*** Block opens ***

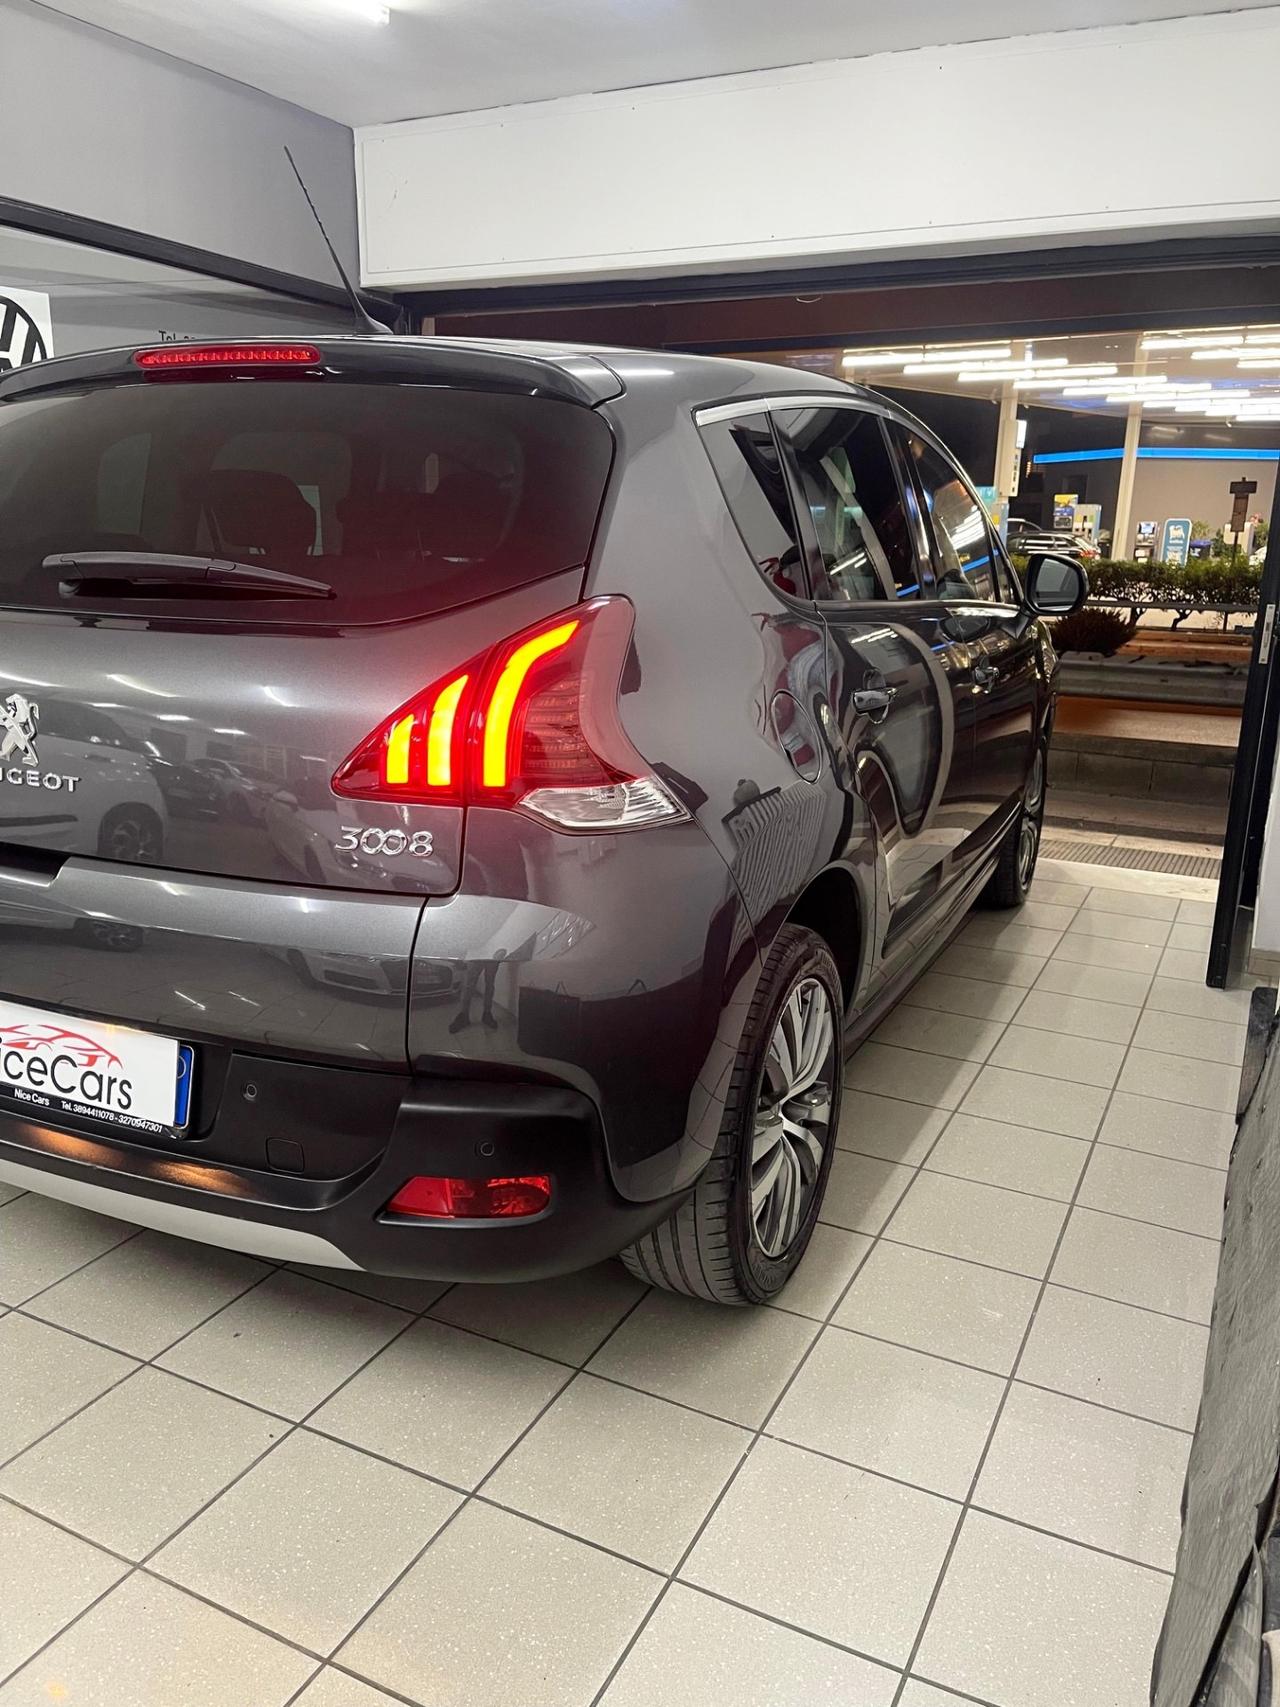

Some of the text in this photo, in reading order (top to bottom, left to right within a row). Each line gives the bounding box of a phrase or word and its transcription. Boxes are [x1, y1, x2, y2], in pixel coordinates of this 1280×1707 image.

[0, 767, 81, 792] GEOT
[334, 825, 434, 857] 3008
[14, 1088, 31, 1101] Nice
[32, 1093, 50, 1106] Cars
[61, 1100, 72, 1110] Tel.
[73, 1103, 115, 1121] 3894411078
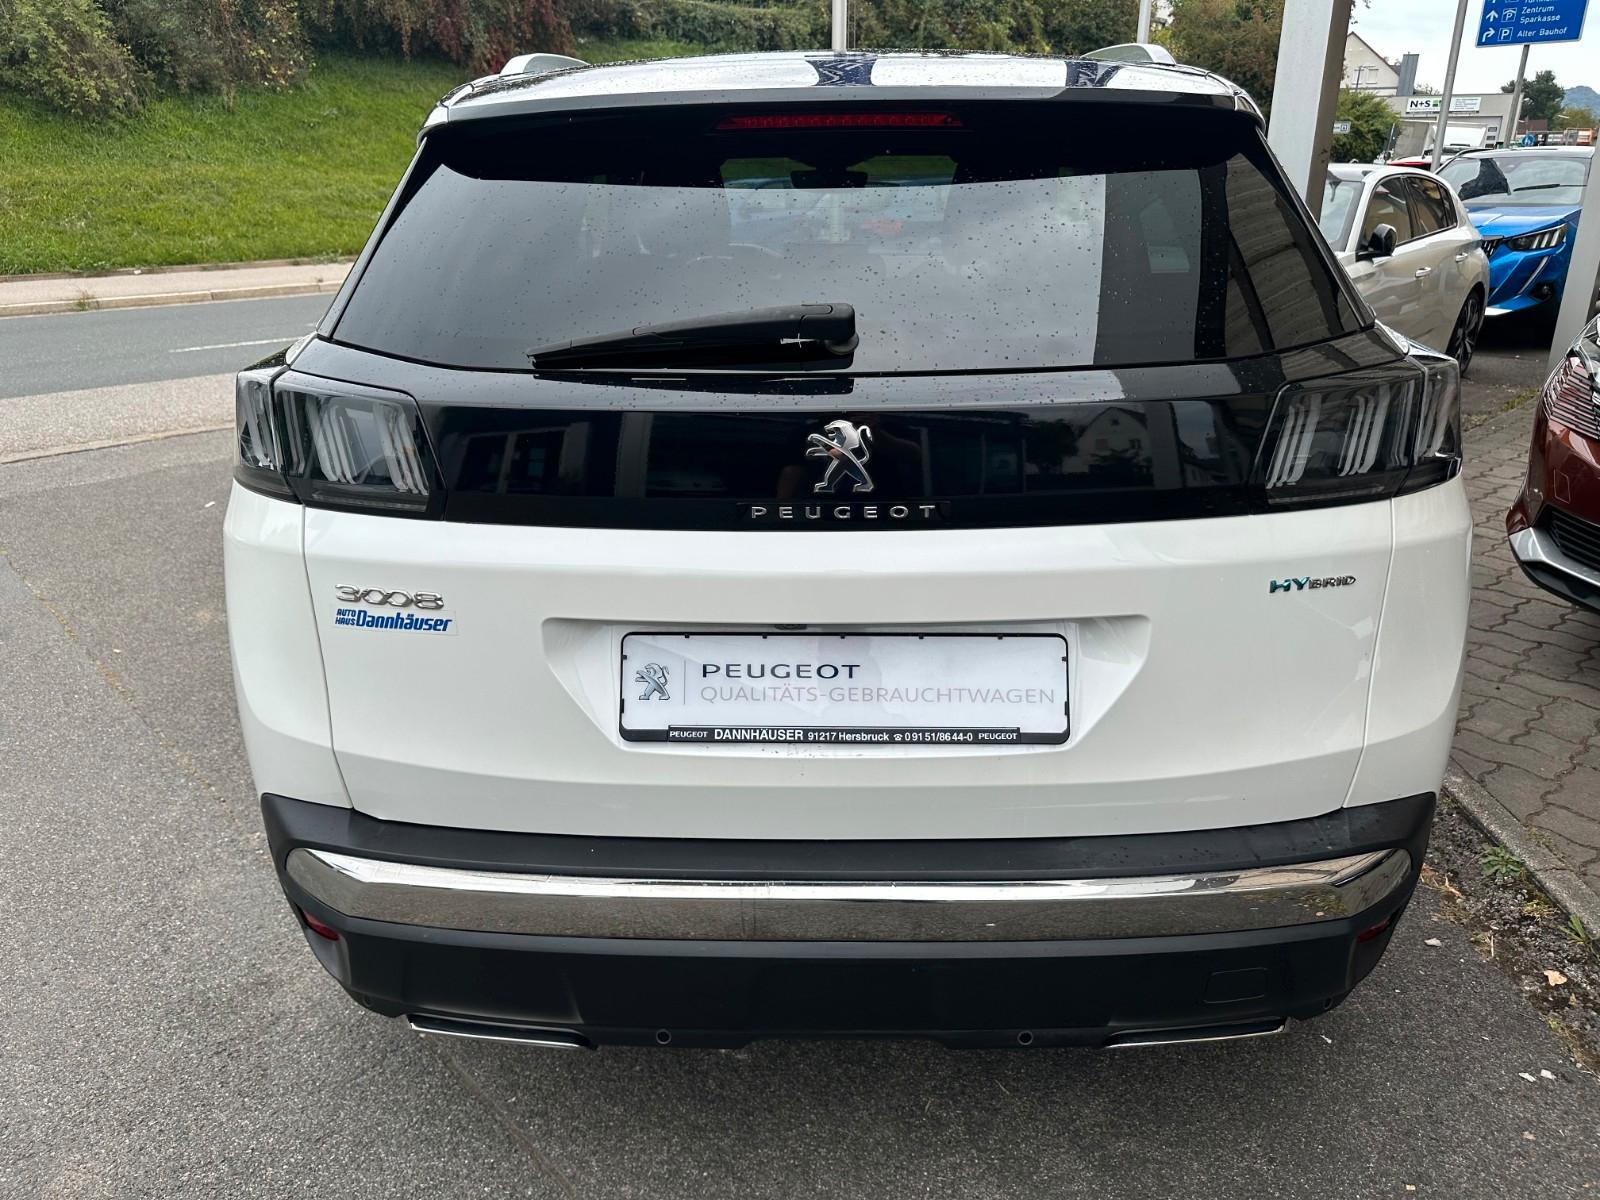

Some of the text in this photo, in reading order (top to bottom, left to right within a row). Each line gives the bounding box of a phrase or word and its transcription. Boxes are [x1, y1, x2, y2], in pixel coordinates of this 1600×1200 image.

*** Block closes ***

YOUR INSTRUCTIONS
Make an exact copy of every record, pictures excluded.

RESULT OF THIS EXERCISE
Some of the text in this photo, in reading order (top to bottom, left to right within a row). Each line gives the bounding box of a phrase or word and its transcription. Boxes are [x1, y1, x2, y2], in pixel coordinates of this 1280×1707 image.

[0, 767, 81, 792] GEOT
[334, 825, 434, 857] 3008
[14, 1088, 31, 1101] Nice
[32, 1093, 50, 1106] Cars
[61, 1100, 72, 1110] Tel.
[73, 1103, 115, 1121] 3894411078

Some of the text in this photo, in reading order (top to bottom, left to right within a row). Each line gives the bounding box of a phrase or word and its transcription. Boxes are [x1, y1, x2, y2], in pixel coordinates of this 1600×1200 image.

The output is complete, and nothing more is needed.